Проходят минуты, затем глаза Хаггерти закрываются, и я изучаю его, пока он погружается в сон. Он прекрасен. Когда его дыхание становится поверхностным, и я убеждаюсь, что он заснул, я говорю:
— Знаешь, ты ошибаешься. То, что ты сказал, на самом деле не так. Я чувствую связь между нами и знаю, что ты тоже это чувствуешь. Ты плохо скрываешь свои эмоции. — Я прижимаюсь губами к его губам и срываю последний поцелуй.
— Миранда, — выдыхает он мое имя.
Жар, озноб, счастье, страх… все это сливается в один гигантский клубок эмоций, который проносится сквозь мое тело, как метеорит, врезающийся в землю.
— Давать спать. — Он не открывает глаза. — Я полицейский. К тому же я на пятнадцать лет старше тебя… Утром, если поспишь, твои мысли прояснятся.
Я ничего не говорю.
— Все будет хорошо, Миранда.
Он не знает этого наверняка. Никто не знает.
В комнате становится тихо, так тихо, что это кажется почти жутким.
Бух.
Хаггерти резко выпрямляется. Я обхватываю его руками и прячу голову у него на груди.

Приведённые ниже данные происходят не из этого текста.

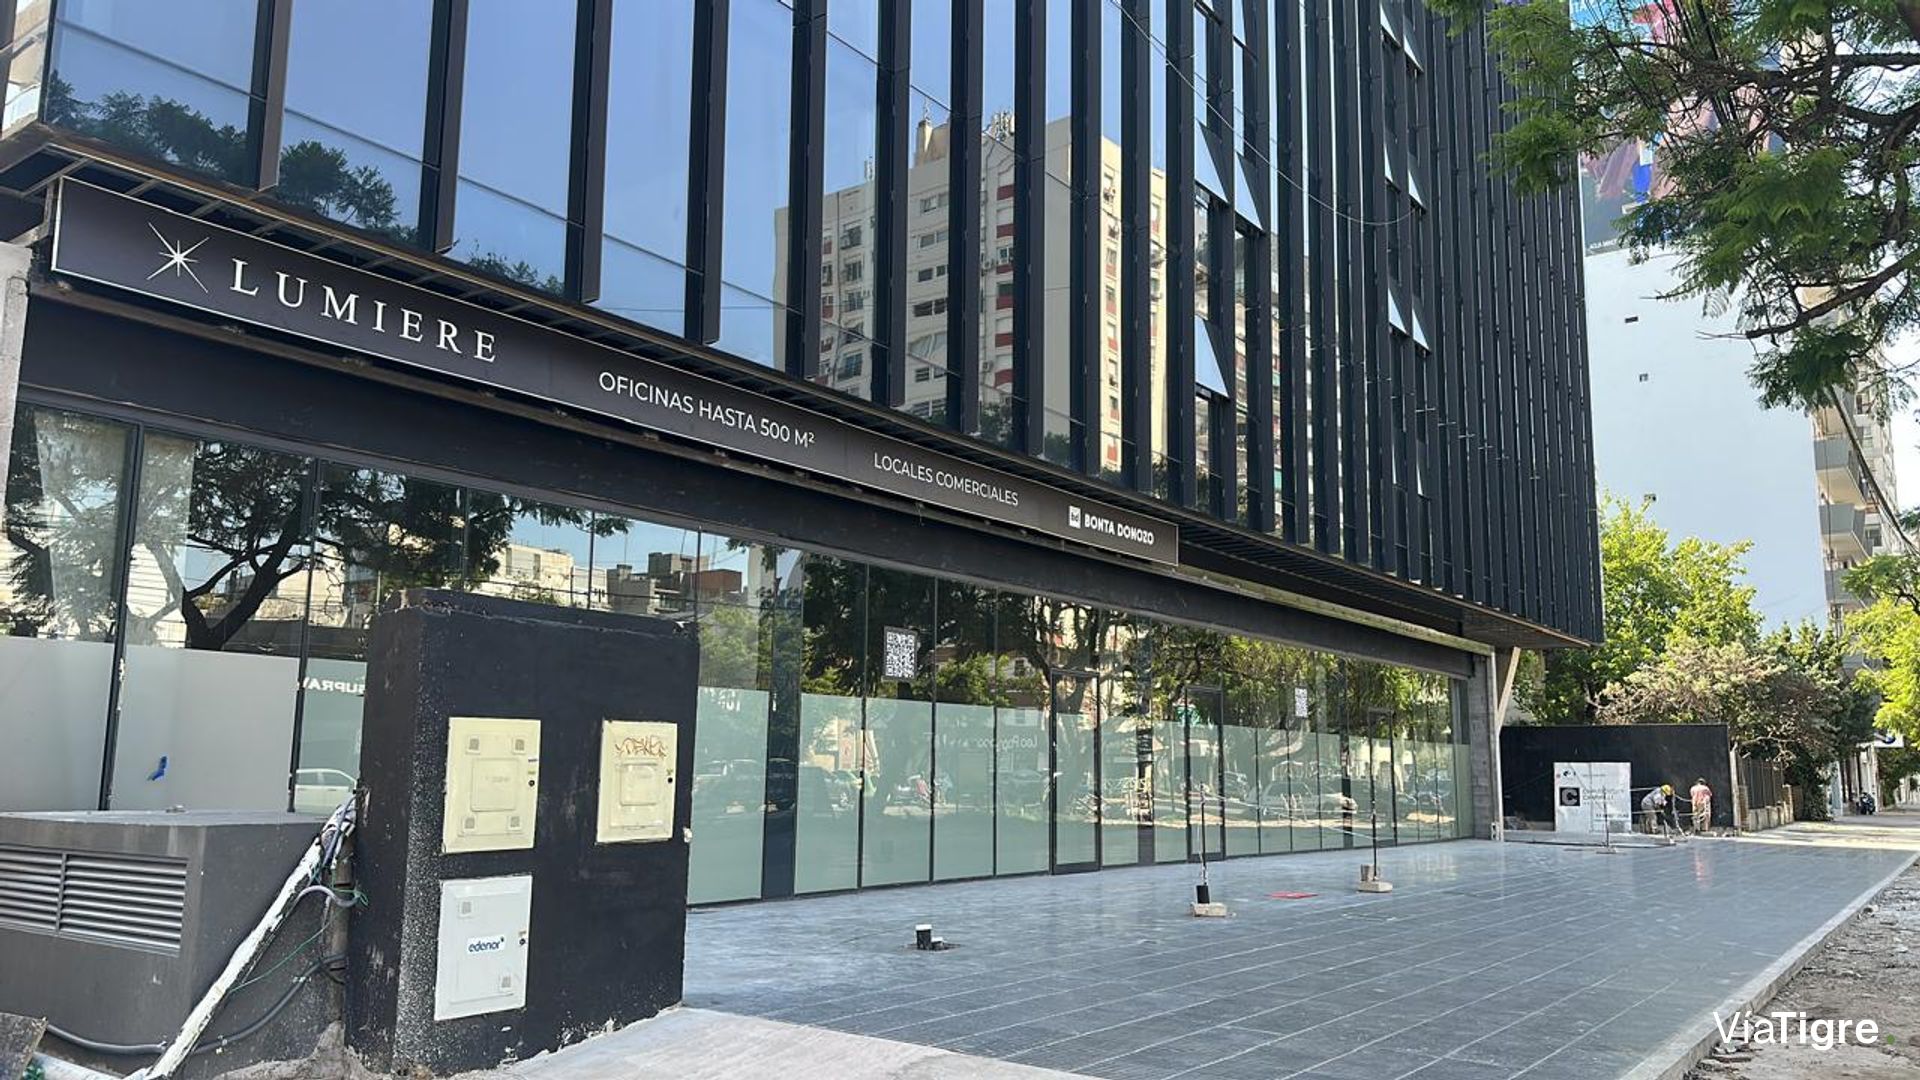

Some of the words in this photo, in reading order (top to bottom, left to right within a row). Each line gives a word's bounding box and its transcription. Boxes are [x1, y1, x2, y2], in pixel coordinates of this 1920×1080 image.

Они вернулись. Рэйв и его люди, должно быть, знают, что сделал Хаггерти. Будет ли это их местью? Стану ли я их местью?
— Это я, — кричит Бретт. — Уронил банку джема на пол. Не нужно подскакивать, приятель.
Тело Хаггерти расслабляется. Моя хватка усиливается.
— Блядь! — Бретт стонет.
— Будь осторожнее, ладно? — кричит Хаггерти, разжимая мои объятия.
— Он напугал меня до полусмерти.
Хаггерти прерывает меня, закрывая мне рот рукой. Он наклоняется ко мне, пока его щека не прижимается к моей.
— Оставайся здесь. Мне нужно пойти проверить, на всякий случай.
Он убирает руку от моего лица.
— Залезай под одеяло и не высовывайся.
Я киваю и дрожу, натягивая одеяло на голову и погружаясь в еще большую темноту.
Я скоро умру. Я просто знаю, что умру. Слезы текут по моим щекам.
Дверь закрывается.
Дорогой Боженька, если ты меня слышишь, сейчас самое время сделать мне какой-нибудь необычный волшебный подарок, который позволит мне исчезнуть. Я слишком молода, чтобы умирать. Я не хочу умирать.